*Extracted material*:
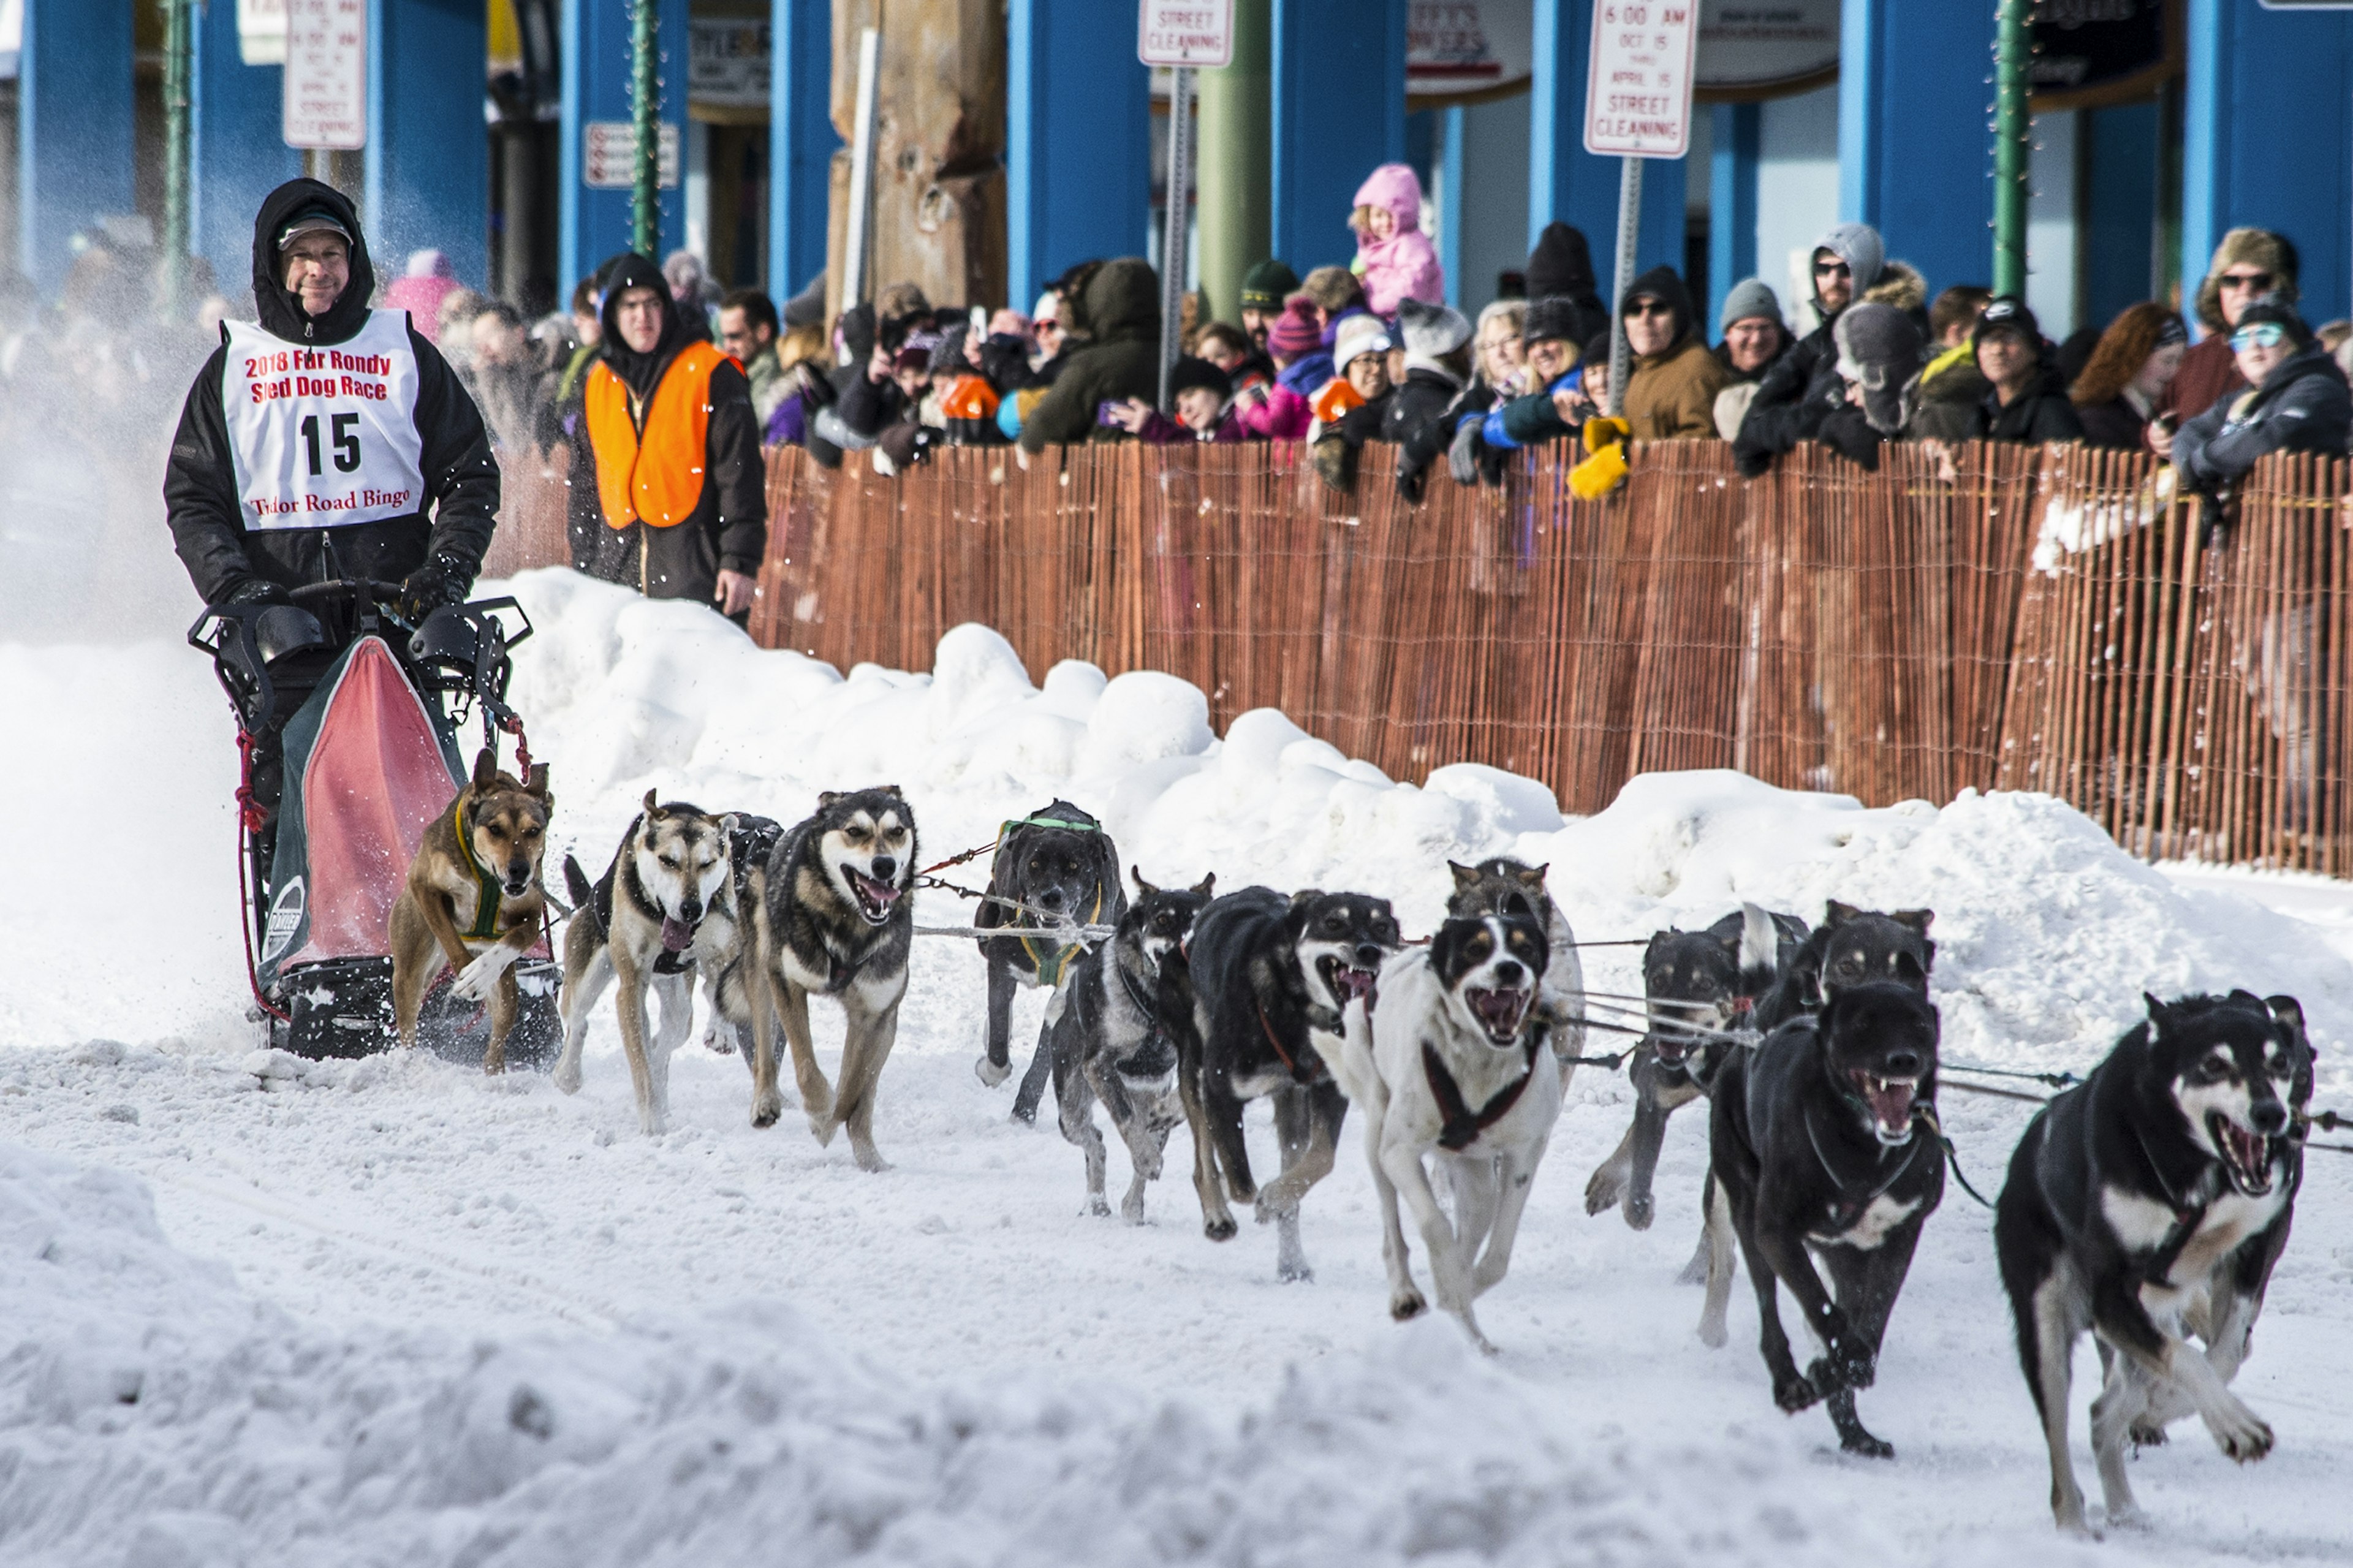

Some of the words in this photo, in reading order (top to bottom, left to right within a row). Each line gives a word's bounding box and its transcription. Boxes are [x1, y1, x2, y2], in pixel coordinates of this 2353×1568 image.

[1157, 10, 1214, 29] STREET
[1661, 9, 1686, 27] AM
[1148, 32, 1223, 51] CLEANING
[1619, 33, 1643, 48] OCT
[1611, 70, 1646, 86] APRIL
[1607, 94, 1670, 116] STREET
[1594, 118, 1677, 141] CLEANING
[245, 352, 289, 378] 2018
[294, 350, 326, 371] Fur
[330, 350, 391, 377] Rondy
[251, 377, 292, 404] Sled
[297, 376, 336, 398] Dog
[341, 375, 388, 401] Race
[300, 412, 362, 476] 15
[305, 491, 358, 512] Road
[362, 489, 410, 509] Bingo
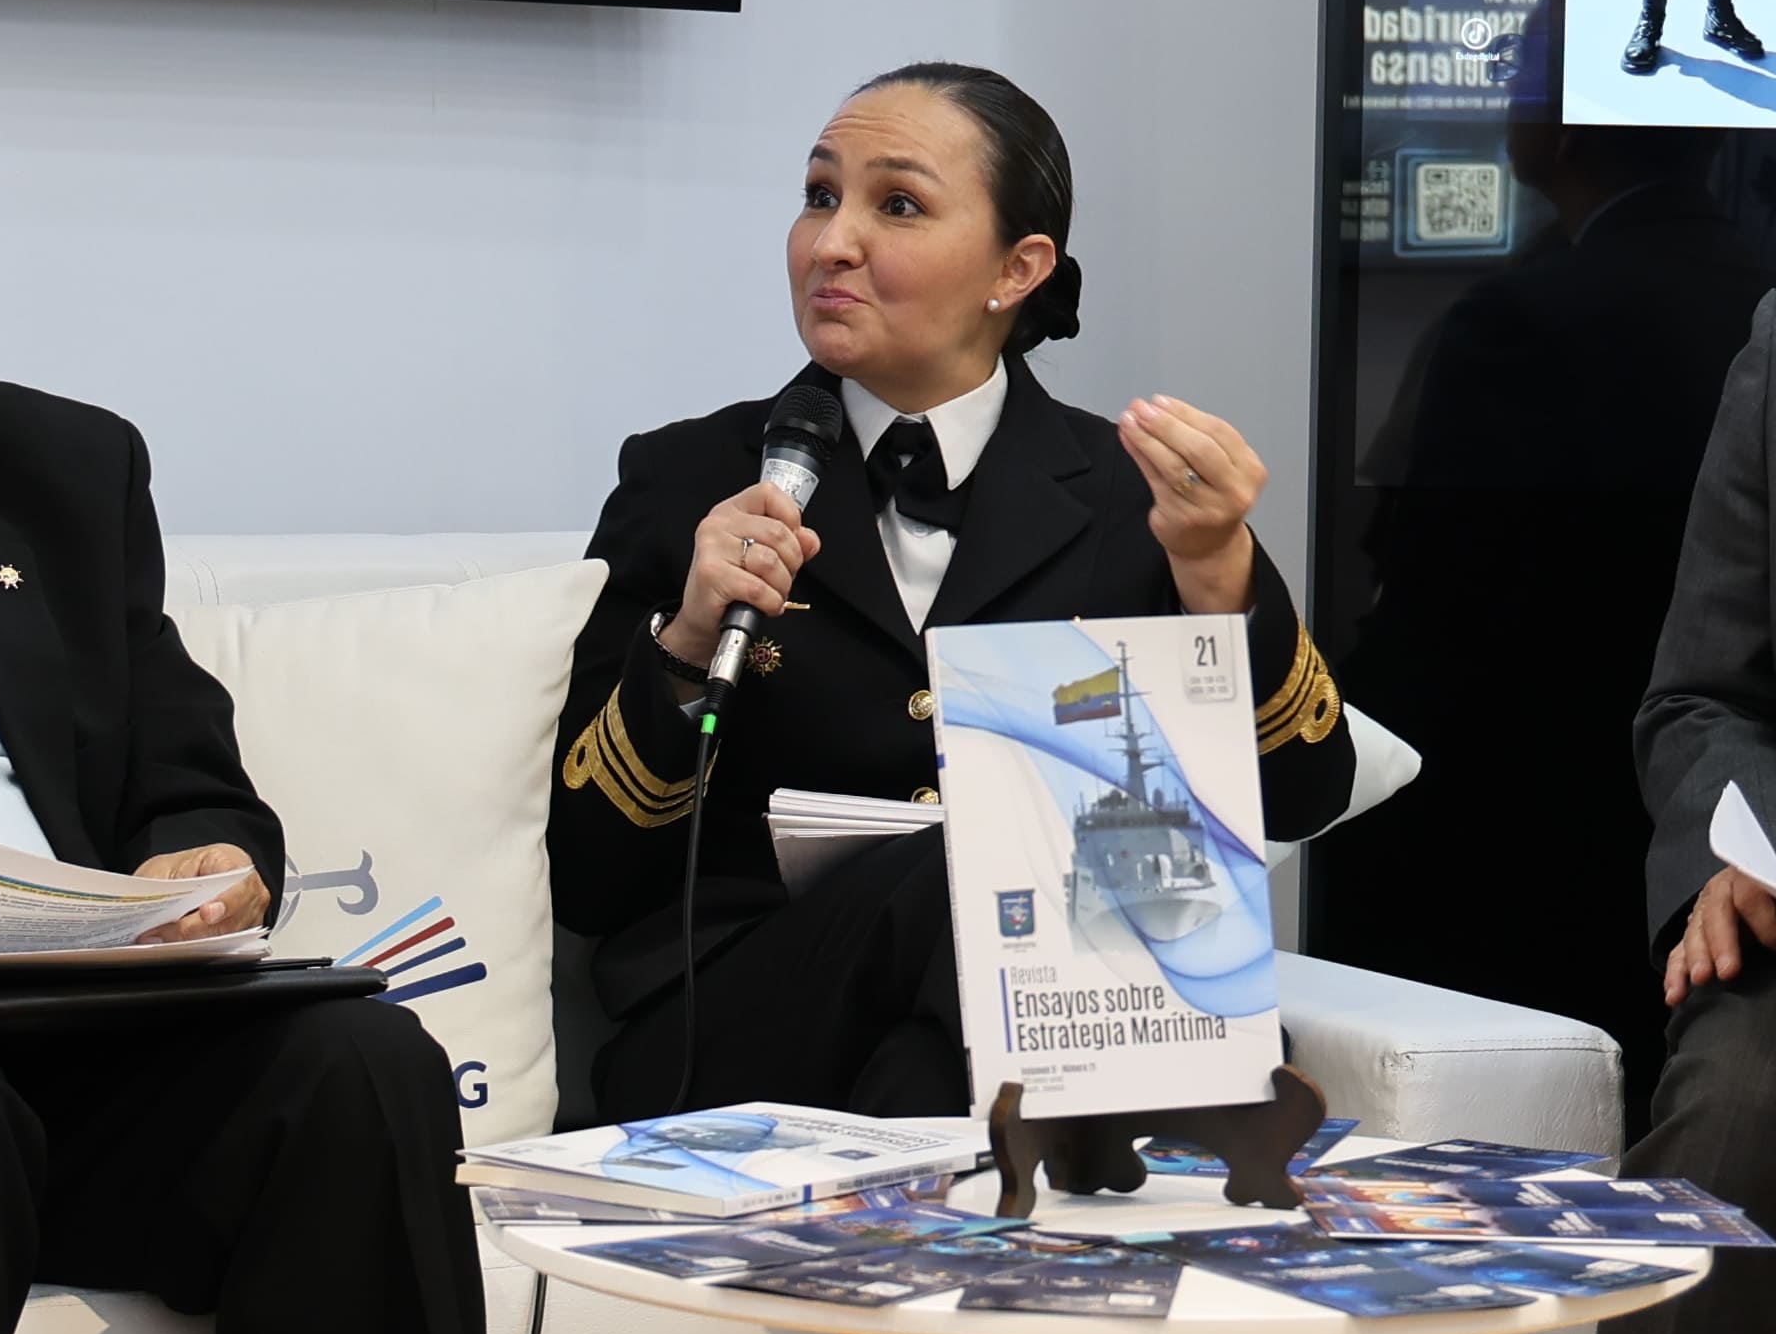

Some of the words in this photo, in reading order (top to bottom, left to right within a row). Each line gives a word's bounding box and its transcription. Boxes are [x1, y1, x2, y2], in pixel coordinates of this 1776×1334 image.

*Work item*:
Every entry must be retyped exactly, with the pictures removed.

*Exercise result*:
Some of the words in this photo, in reading order (top to bottom, left to right within a row). Each line gives a word's bounding box and its transcription. Boxes are [x1, y1, x2, y2], in pixel coordinates of this 2353×1568 image.

[1157, 10, 1214, 29] STREET
[1661, 9, 1686, 27] AM
[1148, 32, 1223, 51] CLEANING
[1619, 33, 1643, 48] OCT
[1611, 70, 1646, 86] APRIL
[1607, 94, 1670, 116] STREET
[1594, 118, 1677, 141] CLEANING
[245, 352, 289, 378] 2018
[294, 350, 326, 371] Fur
[330, 350, 391, 377] Rondy
[251, 377, 292, 404] Sled
[297, 376, 336, 398] Dog
[341, 375, 388, 401] Race
[300, 412, 362, 476] 15
[305, 491, 358, 512] Road
[362, 489, 410, 509] Bingo

Some of the words in this photo, in reading order (top to bottom, left to right within a row). Each line gives a word's bounding box and its transcription. Boxes are [x1, y1, x2, y2], in pixel coordinates of this 1776×1334 image.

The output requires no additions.